-- What you have to do --
Without altering a word, return the records below, but exclude the pictures.

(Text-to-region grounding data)
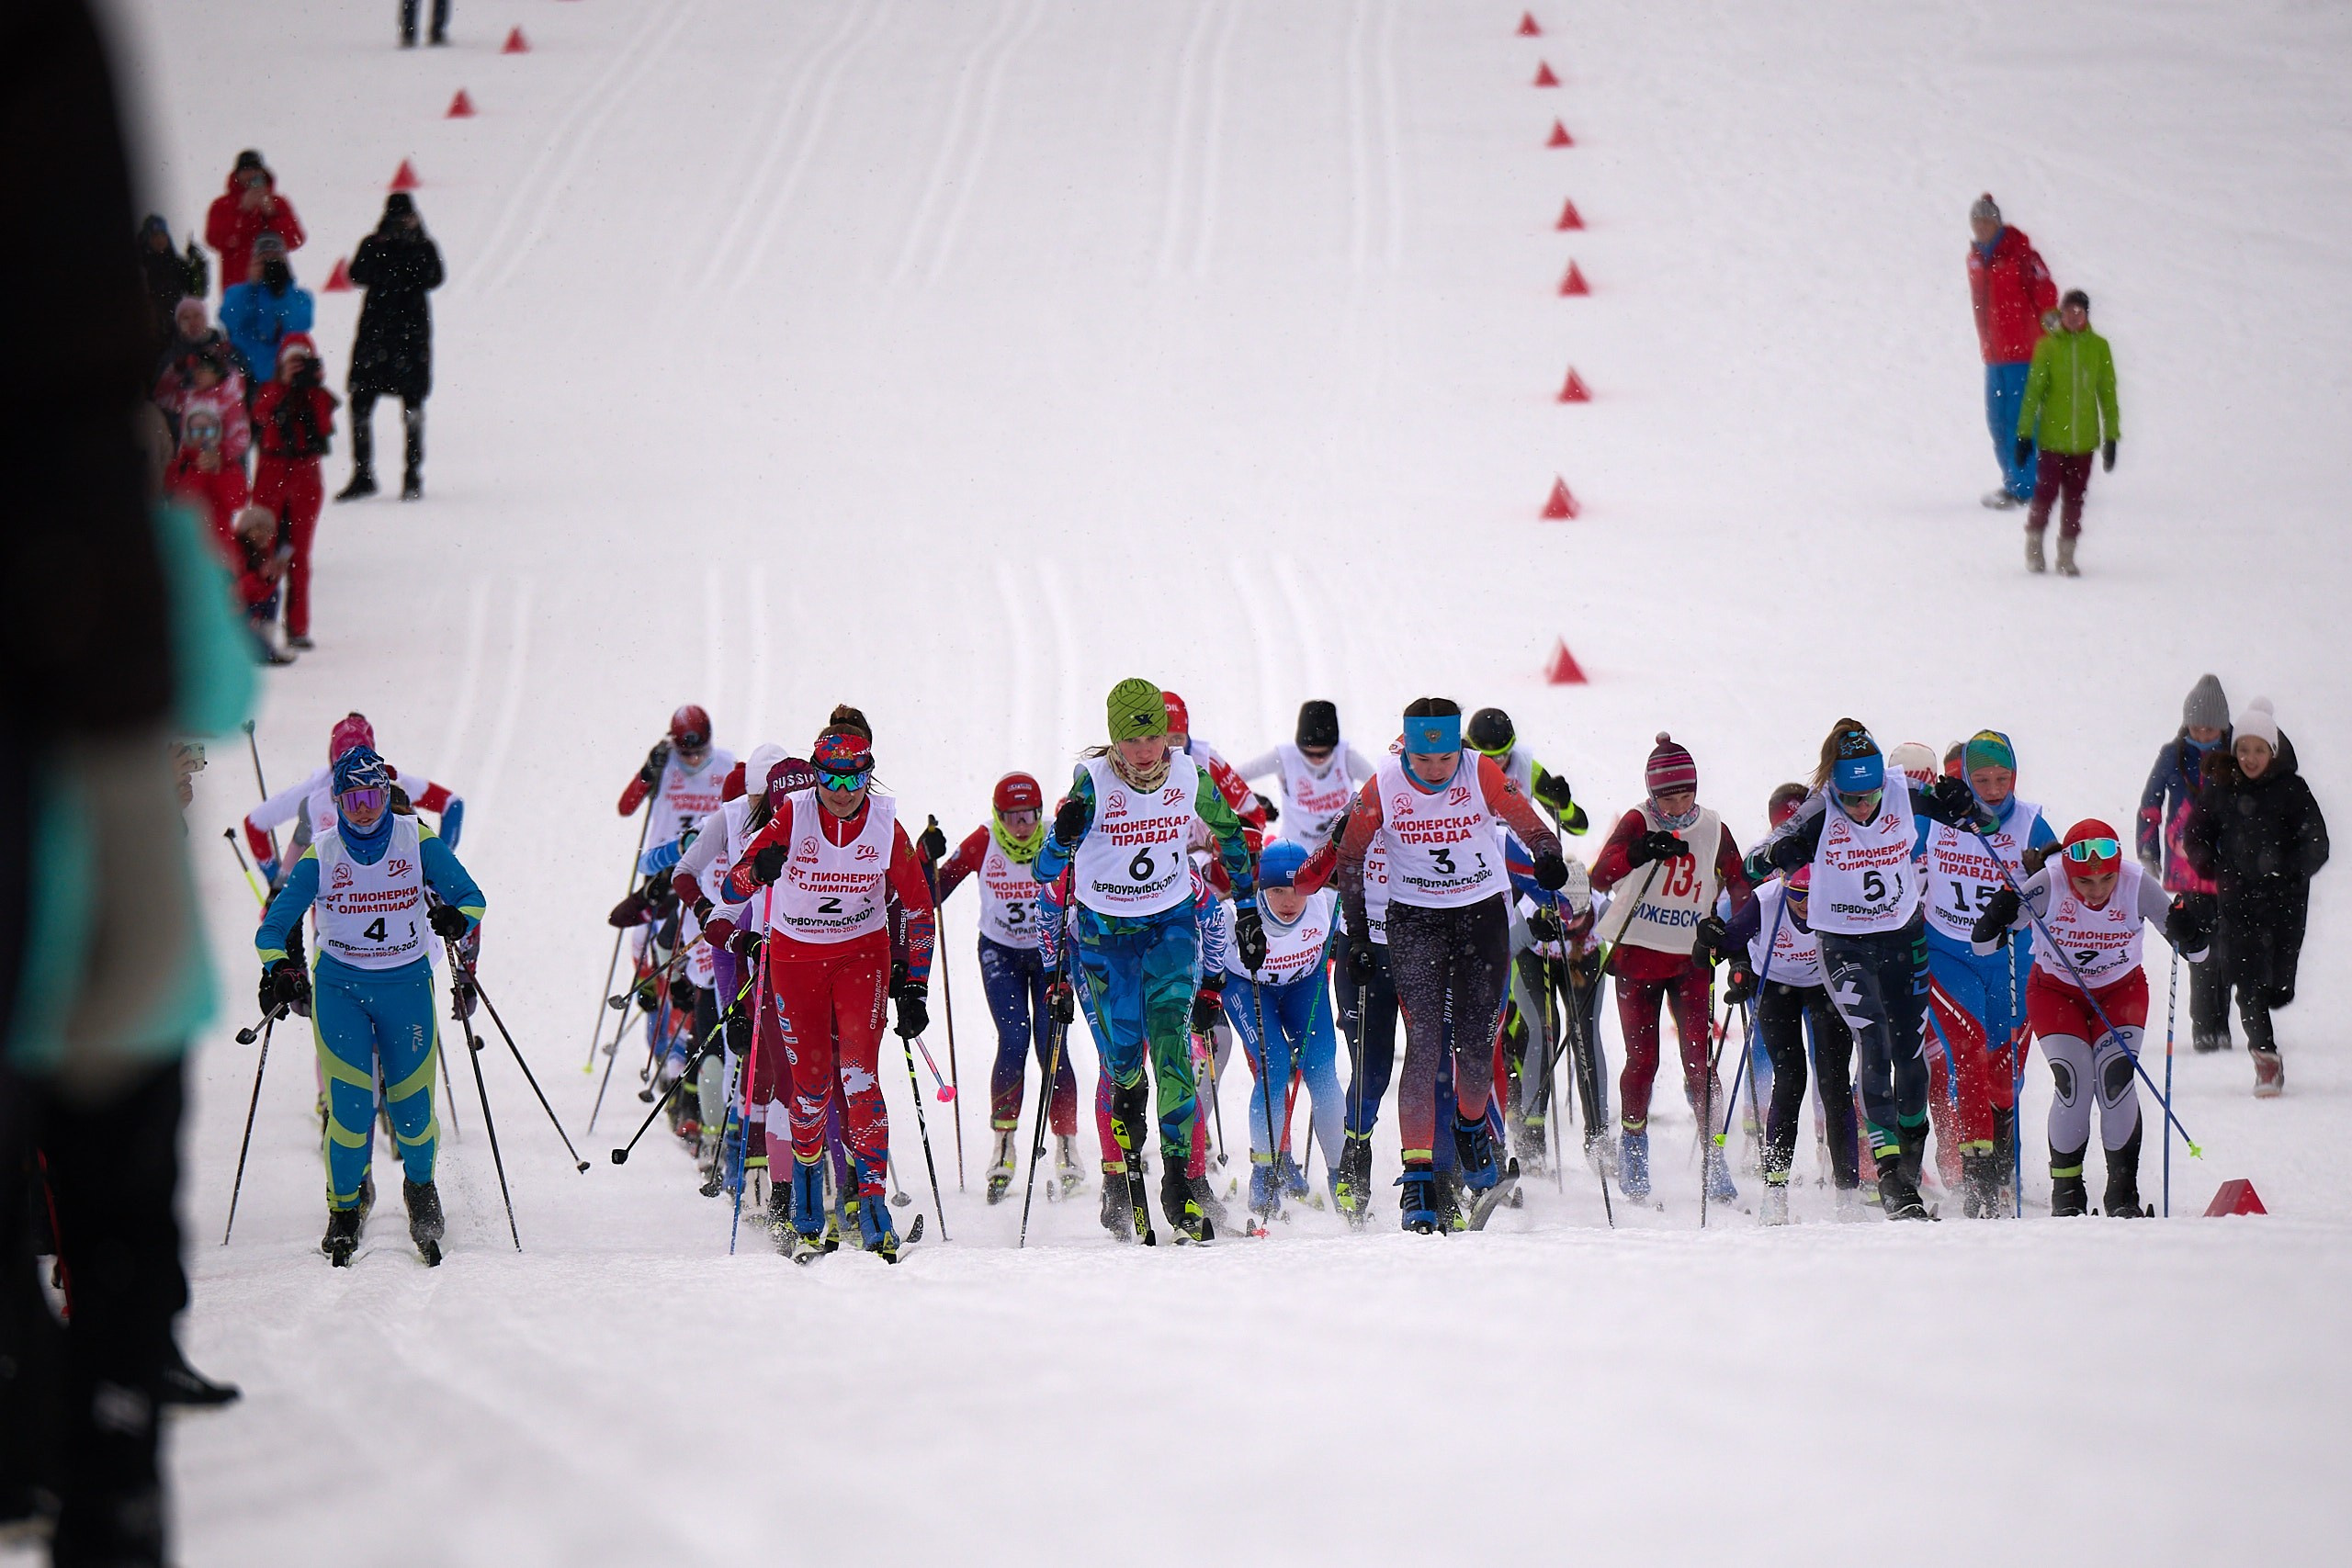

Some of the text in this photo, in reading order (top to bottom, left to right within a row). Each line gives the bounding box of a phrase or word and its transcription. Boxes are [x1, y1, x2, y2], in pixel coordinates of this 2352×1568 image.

[1163, 788, 1181, 799] 70
[1449, 787, 1466, 799] 70
[1104, 810, 1127, 819] КПРФ
[1101, 815, 1190, 833] ПИОНЕРСКАЯ
[1112, 829, 1179, 846] ПРАВДА
[1400, 829, 1472, 844] ПРАВДА
[1828, 837, 1851, 846] КПРФ
[1994, 832, 2011, 842] 70
[1826, 851, 1841, 860] ОТ
[1847, 839, 1906, 859] ПИОНЕРКИ
[1128, 846, 1155, 881] 6
[1368, 861, 1385, 871] ОТ
[1429, 848, 1456, 874] 3
[1933, 848, 2018, 869] ПИОНЕРСКАЯ
[790, 866, 883, 883] ОТ ПИОНЕРКИ
[1661, 852, 1696, 897] 13
[1939, 861, 2006, 882] ПРАВДА
[349, 886, 419, 902] ПИОНЕРКИ
[1863, 871, 1886, 902] 5
[818, 897, 843, 913] 2
[1950, 881, 1996, 912] 15
[1633, 902, 1702, 928] ИЖЕВСК
[363, 918, 389, 942] 4
[827, 925, 857, 933] 1950-2020
[2049, 925, 2136, 941] ОТ ПИОНЕРКИ
[2075, 950, 2099, 965] 9
[2118, 949, 2127, 958] 1
[869, 969, 882, 1030] СВЕРДЛОВСКАЯ
[1230, 993, 1259, 1044] SPINE
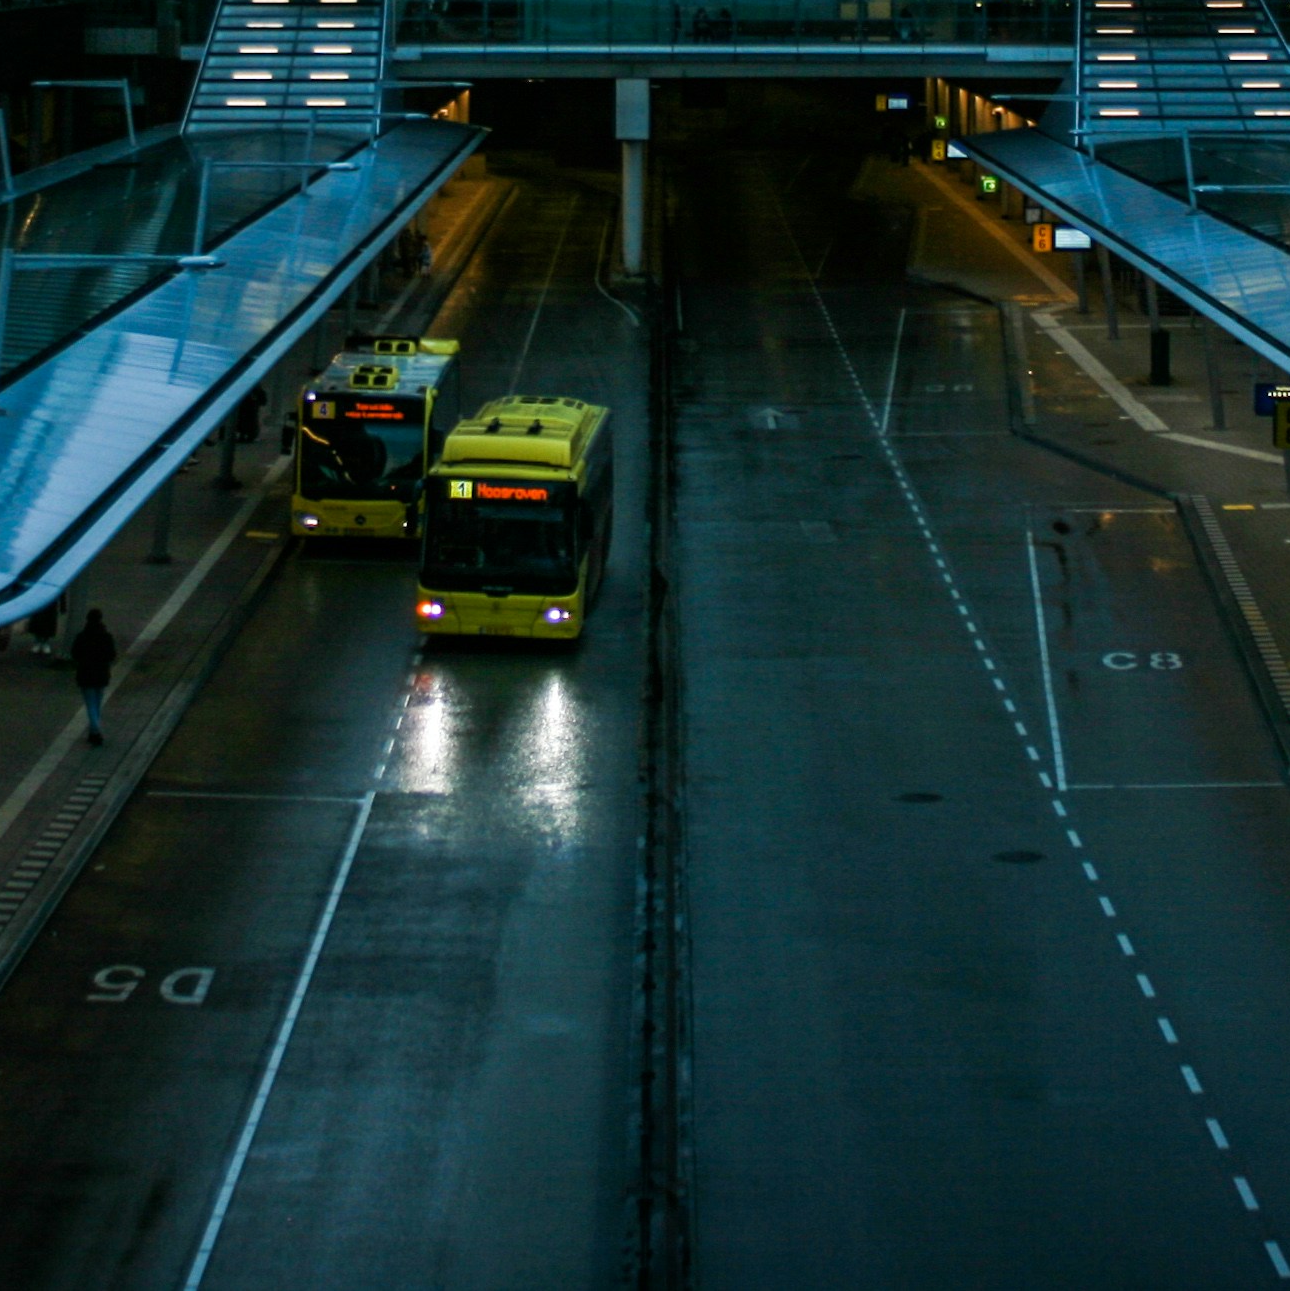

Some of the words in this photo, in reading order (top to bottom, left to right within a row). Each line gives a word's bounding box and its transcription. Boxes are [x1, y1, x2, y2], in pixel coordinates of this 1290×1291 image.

[458, 482, 465, 498] 1
[1102, 652, 1183, 670] C8
[86, 964, 217, 1004] D5
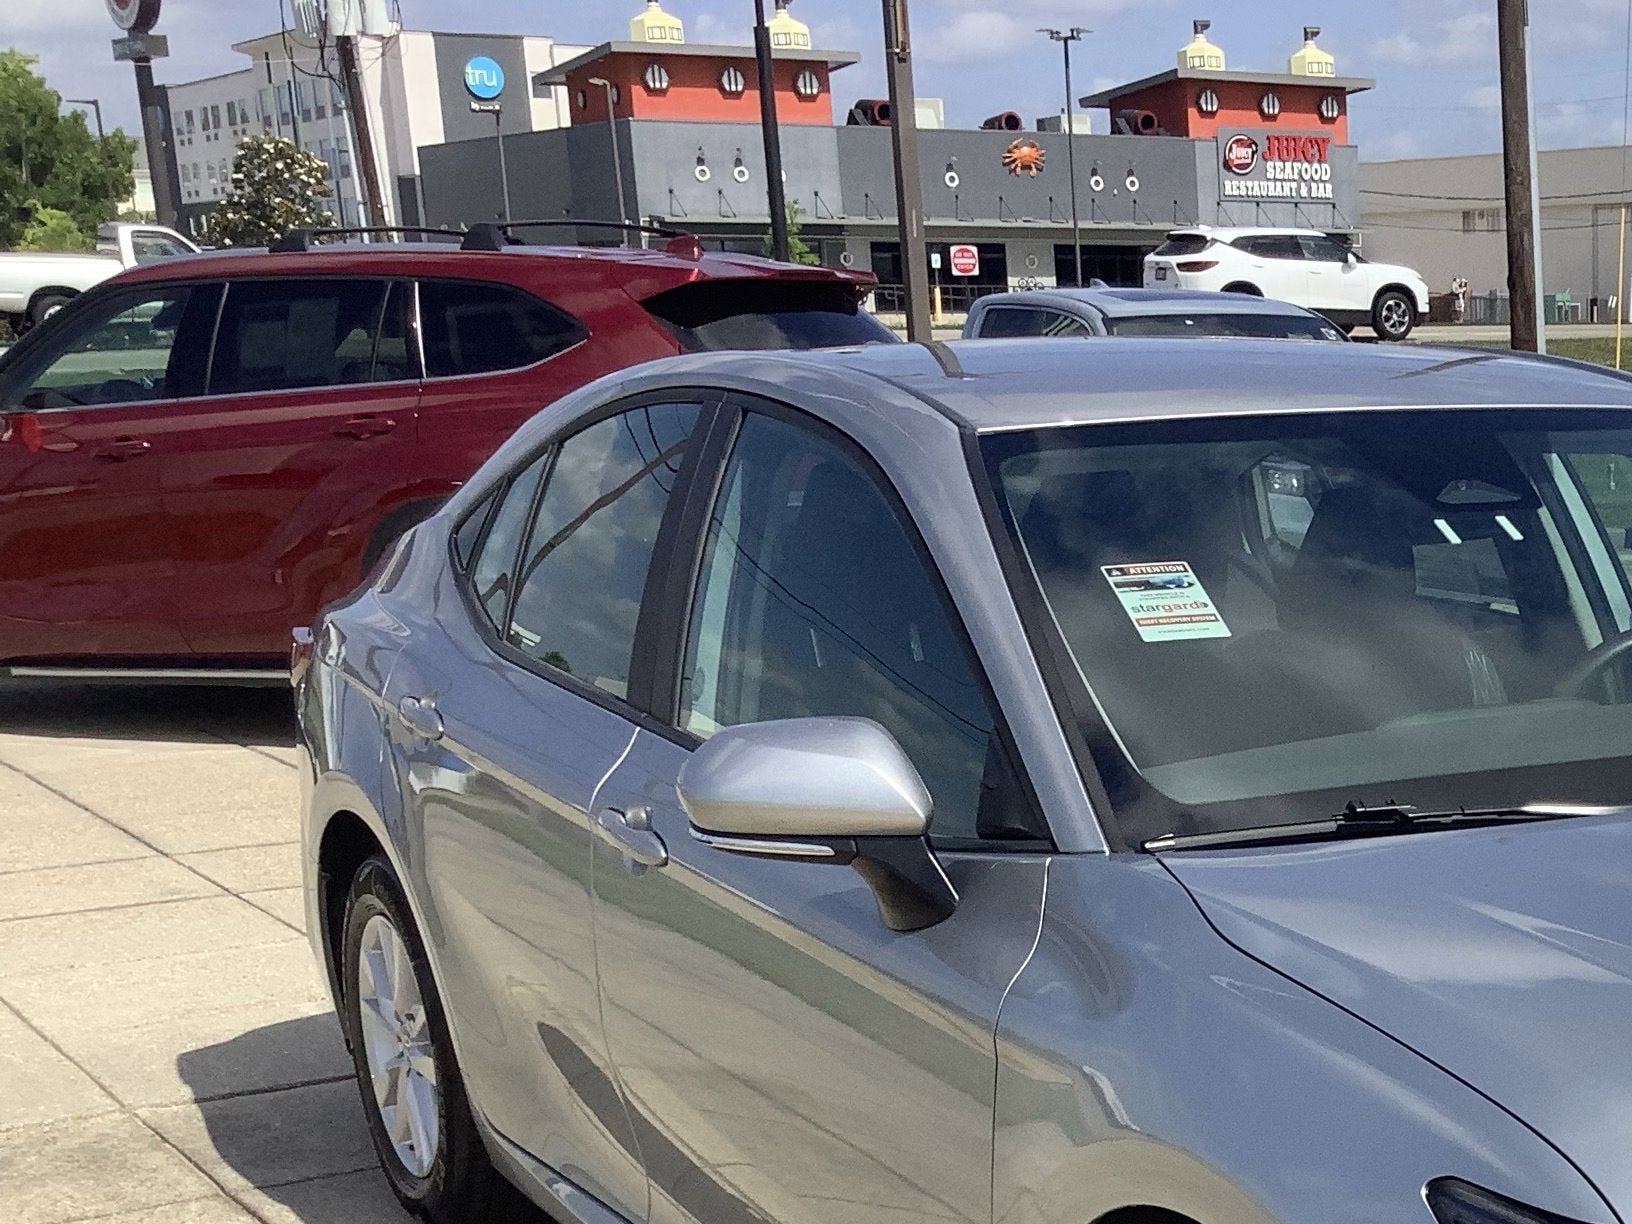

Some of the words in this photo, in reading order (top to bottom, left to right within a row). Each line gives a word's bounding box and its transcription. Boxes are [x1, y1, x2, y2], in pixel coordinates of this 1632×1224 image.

-- Output for this exercise --
Some of the text in this photo, in reading order (top to bottom, left to right within a row). Each line gives the bounding box of a phrase or word and its transcription. Boxes are [x1, y1, x2, y2], in pixel coordinates of this 2352×1568 image.

[1163, 788, 1181, 799] 70
[1449, 787, 1466, 799] 70
[1104, 810, 1127, 819] КПРФ
[1101, 815, 1190, 833] ПИОНЕРСКАЯ
[1112, 829, 1179, 846] ПРАВДА
[1400, 829, 1472, 844] ПРАВДА
[1828, 837, 1851, 846] КПРФ
[1994, 832, 2011, 842] 70
[1826, 851, 1841, 860] ОТ
[1847, 839, 1906, 859] ПИОНЕРКИ
[1128, 846, 1155, 881] 6
[1368, 861, 1385, 871] ОТ
[1429, 848, 1456, 874] 3
[1933, 848, 2018, 869] ПИОНЕРСКАЯ
[790, 866, 883, 883] ОТ ПИОНЕРКИ
[1661, 852, 1696, 897] 13
[1939, 861, 2006, 882] ПРАВДА
[349, 886, 419, 902] ПИОНЕРКИ
[1863, 871, 1886, 902] 5
[818, 897, 843, 913] 2
[1950, 881, 1996, 912] 15
[1633, 902, 1702, 928] ИЖЕВСК
[363, 918, 389, 942] 4
[827, 925, 857, 933] 1950-2020
[2049, 925, 2136, 941] ОТ ПИОНЕРКИ
[2075, 950, 2099, 965] 9
[2118, 949, 2127, 958] 1
[869, 969, 882, 1030] СВЕРДЛОВСКАЯ
[1230, 993, 1259, 1044] SPINE

Some of the words in this photo, in reading order (top to bottom, left to right within a row). Each line gives a word's bounding box and its transcription. Boxes are [x1, y1, x2, y2], in pixel coordinates of this 1290×1291 image.

[458, 482, 465, 498] 1
[1102, 652, 1183, 670] C8
[86, 964, 217, 1004] D5

Some of the words in this photo, in reading order (top to bottom, left to right within a row). Each line gives a word's bounding box and its transcription. Boxes are [x1, y1, x2, y2], in pixel coordinates of this 1632×1224 image.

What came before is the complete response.